Après avoir retiré les deux vis qui fixent le corps de la tablette au support qui la « maintient », une véritable chasse au trésor commence, en effet.

En tant que tel, Microsoft semble avoir aimé cacher les vis derrière divers cadres en plastique.

Les techniciens précisent, beaucoup de maîtrise, et environ une demi-heure, rien que pour retirer ces petits couvercles en plastique.

De plus, pour ouvrir la tablette, ils ont dû dévisser la beauté des 17 vis, cachées dans les parties les plus disparates de la tablette.

De plus, il a pensé qu’il était bon d’insérer un petit sceau de sécurité, mais très évident, qui une fois brisé, selon toute probabilité, une garantie invalide.

  • Modularité : Lorsqu’il s’agit de les séparer, celle qui est la plus appréciée dans les internes des smartphones et tablettes est leur modularité.

Et heureusement, certains composants Surface sont «doués» de cette précieuse fonctionnalité.

Comme par exemple la batterie facilement amovible et donc remplaçable, la connectique jack et les boutons de volume.

Même la carte mère est facilement amovible : il suffit en effet de débrancher le câble qui la relie à l’écran pour mettre la main sur ce petit chef-d’œuvre technologique.

La carte mère abrite, côte à côte, les deux caméras, le processeur Tegra 3, la mémoire flash et la RAM de 32 Go, le chipset sans fil et d’autres composants.

  • Points douloureux : Mais cela ne pouvait certainement pas être aussi simple.

Lorsque vous arrivez au connecteur du clavier et de l’écran, lancez le premier vrai problème.

En effet, le connecteur dock clavier est solidement monté sous l’écran et donc pour le retirer, il faut d’abord retirer l’écran LCD.

Et le panneau à cristaux liquides, un Samsung LTL106AL01-001, est collé au verre de protection VaporMG.

Pour séparer les deux parties, donc, un pistolet à air chaud, quelques médiators (ou autres pièces en plastique dur), et beaucoup, beaucoup de patience suffiront.

  • Sur les points : la note attribuée par les techniciens de Surface, compte tenu de ces dernières difficultés, ne pouvait certainement pas être très élevée.
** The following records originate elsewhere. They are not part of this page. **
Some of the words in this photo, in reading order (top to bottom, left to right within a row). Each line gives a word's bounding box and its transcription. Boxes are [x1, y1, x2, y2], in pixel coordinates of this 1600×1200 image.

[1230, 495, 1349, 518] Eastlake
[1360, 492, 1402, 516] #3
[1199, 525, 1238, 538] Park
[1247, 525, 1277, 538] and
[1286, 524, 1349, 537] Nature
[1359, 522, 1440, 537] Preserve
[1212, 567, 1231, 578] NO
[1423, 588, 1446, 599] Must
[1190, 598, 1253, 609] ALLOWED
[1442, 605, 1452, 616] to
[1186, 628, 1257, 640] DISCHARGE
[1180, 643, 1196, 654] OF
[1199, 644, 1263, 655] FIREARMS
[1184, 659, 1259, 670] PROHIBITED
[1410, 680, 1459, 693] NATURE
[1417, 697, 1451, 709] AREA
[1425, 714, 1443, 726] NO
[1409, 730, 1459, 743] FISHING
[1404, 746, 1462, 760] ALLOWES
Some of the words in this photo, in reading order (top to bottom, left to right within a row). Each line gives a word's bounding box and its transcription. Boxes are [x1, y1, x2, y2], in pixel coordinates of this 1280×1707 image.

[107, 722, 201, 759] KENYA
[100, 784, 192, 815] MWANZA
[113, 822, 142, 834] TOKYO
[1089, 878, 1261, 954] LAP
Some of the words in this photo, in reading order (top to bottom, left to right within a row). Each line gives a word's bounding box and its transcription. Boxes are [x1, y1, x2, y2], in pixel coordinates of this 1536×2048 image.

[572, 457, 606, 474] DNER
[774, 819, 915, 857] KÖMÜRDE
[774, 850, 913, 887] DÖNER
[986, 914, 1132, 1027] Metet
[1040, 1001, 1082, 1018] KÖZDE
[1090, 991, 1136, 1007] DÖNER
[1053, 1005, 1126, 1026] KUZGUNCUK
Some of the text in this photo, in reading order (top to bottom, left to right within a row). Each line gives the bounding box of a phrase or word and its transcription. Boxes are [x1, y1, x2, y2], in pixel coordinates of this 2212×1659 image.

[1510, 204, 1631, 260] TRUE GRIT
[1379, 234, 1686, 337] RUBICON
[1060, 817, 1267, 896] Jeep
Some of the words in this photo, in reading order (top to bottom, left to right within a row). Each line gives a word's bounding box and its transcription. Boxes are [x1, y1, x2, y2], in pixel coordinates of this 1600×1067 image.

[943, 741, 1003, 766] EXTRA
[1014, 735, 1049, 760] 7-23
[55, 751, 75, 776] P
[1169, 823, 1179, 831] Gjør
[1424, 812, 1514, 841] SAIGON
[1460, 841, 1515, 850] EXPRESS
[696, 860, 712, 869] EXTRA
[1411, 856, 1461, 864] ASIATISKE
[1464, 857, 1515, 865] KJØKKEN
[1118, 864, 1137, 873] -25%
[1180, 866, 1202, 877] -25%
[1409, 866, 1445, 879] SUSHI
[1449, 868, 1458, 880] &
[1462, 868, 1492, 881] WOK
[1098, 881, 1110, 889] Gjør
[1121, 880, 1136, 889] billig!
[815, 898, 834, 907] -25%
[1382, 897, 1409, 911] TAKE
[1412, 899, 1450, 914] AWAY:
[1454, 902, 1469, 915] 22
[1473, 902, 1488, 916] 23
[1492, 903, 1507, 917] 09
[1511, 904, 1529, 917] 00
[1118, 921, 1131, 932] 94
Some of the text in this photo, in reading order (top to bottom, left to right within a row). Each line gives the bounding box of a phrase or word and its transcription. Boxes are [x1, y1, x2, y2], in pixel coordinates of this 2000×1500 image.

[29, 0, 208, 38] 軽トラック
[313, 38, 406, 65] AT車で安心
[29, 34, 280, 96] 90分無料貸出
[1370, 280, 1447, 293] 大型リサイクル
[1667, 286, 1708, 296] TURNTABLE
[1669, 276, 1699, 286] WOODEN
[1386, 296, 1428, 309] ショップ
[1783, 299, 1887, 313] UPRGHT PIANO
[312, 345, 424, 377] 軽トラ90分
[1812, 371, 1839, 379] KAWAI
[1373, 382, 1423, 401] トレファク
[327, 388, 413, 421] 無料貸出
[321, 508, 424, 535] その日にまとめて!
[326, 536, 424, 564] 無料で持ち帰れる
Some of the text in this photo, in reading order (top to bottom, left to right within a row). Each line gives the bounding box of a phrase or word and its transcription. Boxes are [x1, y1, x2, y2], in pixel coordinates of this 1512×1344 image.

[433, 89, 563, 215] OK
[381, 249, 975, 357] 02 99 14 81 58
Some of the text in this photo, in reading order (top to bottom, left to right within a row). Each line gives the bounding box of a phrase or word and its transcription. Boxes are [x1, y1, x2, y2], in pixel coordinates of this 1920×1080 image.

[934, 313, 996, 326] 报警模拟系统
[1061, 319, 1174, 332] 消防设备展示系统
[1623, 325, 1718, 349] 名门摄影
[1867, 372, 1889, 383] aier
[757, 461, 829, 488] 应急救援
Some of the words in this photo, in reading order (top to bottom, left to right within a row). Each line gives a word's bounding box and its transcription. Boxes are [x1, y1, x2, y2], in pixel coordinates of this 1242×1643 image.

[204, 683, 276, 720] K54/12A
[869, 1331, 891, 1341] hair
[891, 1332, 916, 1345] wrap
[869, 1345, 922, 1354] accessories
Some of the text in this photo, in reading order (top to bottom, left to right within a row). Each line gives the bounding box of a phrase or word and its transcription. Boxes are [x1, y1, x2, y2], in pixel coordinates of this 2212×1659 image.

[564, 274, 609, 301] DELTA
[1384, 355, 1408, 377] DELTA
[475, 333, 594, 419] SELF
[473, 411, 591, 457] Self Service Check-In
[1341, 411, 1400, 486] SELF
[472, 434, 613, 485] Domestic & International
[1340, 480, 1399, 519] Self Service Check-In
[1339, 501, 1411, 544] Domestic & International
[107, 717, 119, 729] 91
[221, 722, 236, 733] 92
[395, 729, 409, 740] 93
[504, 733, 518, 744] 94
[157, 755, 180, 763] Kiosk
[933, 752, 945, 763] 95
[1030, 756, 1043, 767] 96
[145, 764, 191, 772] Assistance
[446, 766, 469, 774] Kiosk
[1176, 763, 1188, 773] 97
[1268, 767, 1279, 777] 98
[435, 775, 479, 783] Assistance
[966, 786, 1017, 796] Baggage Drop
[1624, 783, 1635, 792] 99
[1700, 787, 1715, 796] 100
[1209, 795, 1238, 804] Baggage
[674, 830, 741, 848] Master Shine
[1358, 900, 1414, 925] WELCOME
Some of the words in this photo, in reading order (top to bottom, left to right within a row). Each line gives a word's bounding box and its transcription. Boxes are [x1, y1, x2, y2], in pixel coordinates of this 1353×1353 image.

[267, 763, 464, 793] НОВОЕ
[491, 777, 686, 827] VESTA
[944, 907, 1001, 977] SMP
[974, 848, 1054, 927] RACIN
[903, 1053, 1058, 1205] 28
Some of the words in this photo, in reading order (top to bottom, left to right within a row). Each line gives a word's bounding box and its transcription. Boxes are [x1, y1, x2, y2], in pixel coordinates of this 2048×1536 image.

Le «facteur de réparabilité» de Microsoft Surface était finalement de 4 sur 10 : un vote en dessous de la suffisance et, d’une certaine manière, insatisfaisant.

Surtout, par rapport à ses concurrents directs, le Google Nexus et l’Amazon Kindle Fire HD, qui ont obtenu 7 sur 10.

Pire que la Surface, donc, seul le nouvel iPad d’Apple qui, avec ses 2 en 10, reste le « mouton noir » de ce classement spécial.

Pantalla Surface Pro 3

Écran Surface Pro 3 : Réflexions finales

Nous recommandons toujours aux utilisateurs de réparer leurs problèmes de tablettes entre des mains expertes, car changer l’écran de ces ordinateurs est délicat.

D’autre part, les outils et l’expérience nécessaires sont requis pour que le changement soit un succès et n’engendre pas des dépenses plus importantes en facturation.